0

Elucubrações de um analista pequeno sobre a performance gramatical

Um dos substantivos usados no título já faz divagar: elucubração é lucubração, palavras múltiplas. O uso do idioma clássico é estar na mata virgem: só ‘tem’ urucubaca, e o caapora nunca é visto.

A revista de texto erudito propaga que “Nunca ‘teve’ tanta concorrência como hoje (…)”, entremeando a vida da clientela. Mas é o vizinho que populariza: “Tá tendo fruta nesse pé aqui”.

Preferir é verbo transitivo direto-indireto: exige dois complementos verbais, desde que seja um direto e outro indireto. Quem prefere, prefere uma coisa à outra. ‘Prefiro morrer a ser escravo’, mas o popular diz ‘Prefiro morrer do que ser escravo’.

A declaração de famoso político “Prefiro morrer do que passar para a história como mentiroso para o povo” pode tornar-se best-seller mundial da Literatura. E ‘Preferir morrer a passar para a história como mentiroso para o povo’ não o é.

Alguém da sociedade alta declara: “Prefiro passar fome no Brasil do que morar na Europa.” Trata-se de perfeita autenticidade, de verdadeiro ufanismo. ‘Porque me ufano do meu país’, de Afonso Celso, mineiro de família nobre, é obra autêntica. O ufanismo tem a ver com a xenofobia, não no sentido escrachado ou discriminatório-pejorativo. São termos distintos, mas se completam. O primeiro passo é o patriota amar o torrão como ama a si próprio para depois preferir a plaga alheia. Ser xenófilo não tem como prova ‘admirar a pátria alheia’. O ufanismo se torna paralelo à xenofobia. (?)

‘Filósofo de rua’ diz que todo homem que não gosta de mulher é… (enumera vários termos: v… g… ou com um fonema ‘criado’ na hora). Há quem tenha horror a mulheres, mas não seria um entre os nomes. O misógino, definido no dicionário como ‘aquele que tem misoginia, a antipatia ou aversão mórbida às mulheres’, é isto, mas não é aquilo. O misógamo, o que tem aversão à misogamia, isto é, que odeia o casamento, poderia ter uma companheira pelo menos brevemente. Hoje, diante de tanta modernidade, poderá viver comunhão estável, e ter companheiro/a, ‘patenteando’ modelo de contrato de vivência homossexual. Ultramoderno, talvez, venha a extrapolar incisos do CC e do  CPC. Contrato tácito ou explícito vale muito: o que se combina tem força de lei.

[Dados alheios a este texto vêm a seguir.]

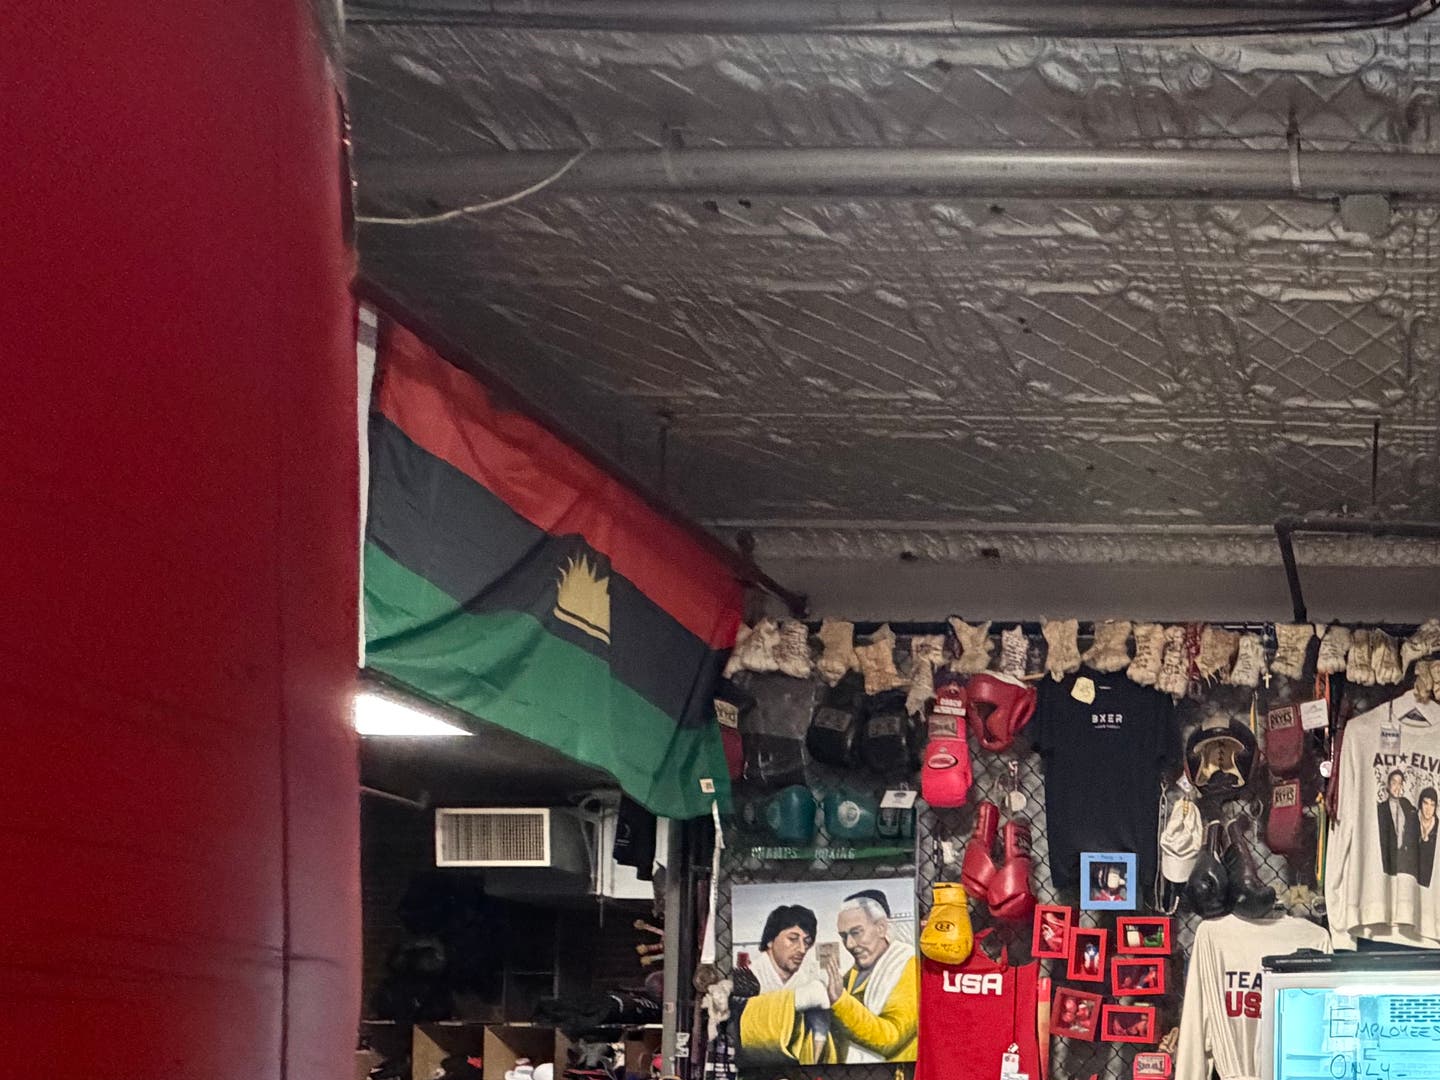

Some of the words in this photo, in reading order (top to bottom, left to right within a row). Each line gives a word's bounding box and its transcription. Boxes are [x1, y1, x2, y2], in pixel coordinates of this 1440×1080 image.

[1092, 713, 1123, 724] BXER
[1373, 752, 1397, 768] ALT
[943, 970, 1003, 995] USA

Tetraneto, depois do trineto, do bisneto, do neto, é, simplesmente, ‘tataraneto’. Vivam as variantes gráficas. Termos difundidos em todo o País, tataraneto e tataravô relatam costumes: o filho do trineto ou da trineta é a criança mais linda da família, cujos tataravós podem deixar vasta propriedade latifundiária mas altíssimo legado cultural: a fala que se propala de pai para filho. Por anos e anos, ou por um século e meio: um sesquicentenário.

Quem prefere, prefere isso àquilo. Como seria difícil falar assim no meio popular! Nos barezinhos da vida, falar com um amigo que ele deve ‘preferir cerveja a coca-cola’ é impropério. O bom é a linguagem direta, que não se preocupa com etiqueta ou regra. O resto é balela. Quem sabe bater o bumbo não precisa de ‘batuta’; vai com a mão mesmo, nem que doa muito.

‘Doa’ não é de doar : a família da vítima, desde que esta tenha declarado assim em vida, autoriza a doação de órgãos com teor declarado em documento; ‘doe a retirada de pele, coração, fígado, retina’ etc. para salvar vida de outrem; de outros.

Esse vaivém deixa o usuário sem pé nem cabeça ao falar em sessão solene ou ao escrever em documento, petição, carta, ata ou monografia na conclusão de curso. Até em tese de doutorando são visíveis os lapsos que desobedecem à norma gramatical. Isso implica no afastamento do usuário da gramaticidade. Implicar, nesse conceito, não é transitivo indireto (implicar em), apenas transitivo direto: implicar, com a semântica de ‘resultar em’; agora, sim, a preposição em pode ser usada. Isso quer dizer que verbo transitivo indireto (gostar de) pode ter sinônimo transitivo direto: amar, adorar. ‘Implicar um resultado’ (transitivo direto) é sinônimo de ‘resultar em’, transitivo indireto. Gramatical barafunda!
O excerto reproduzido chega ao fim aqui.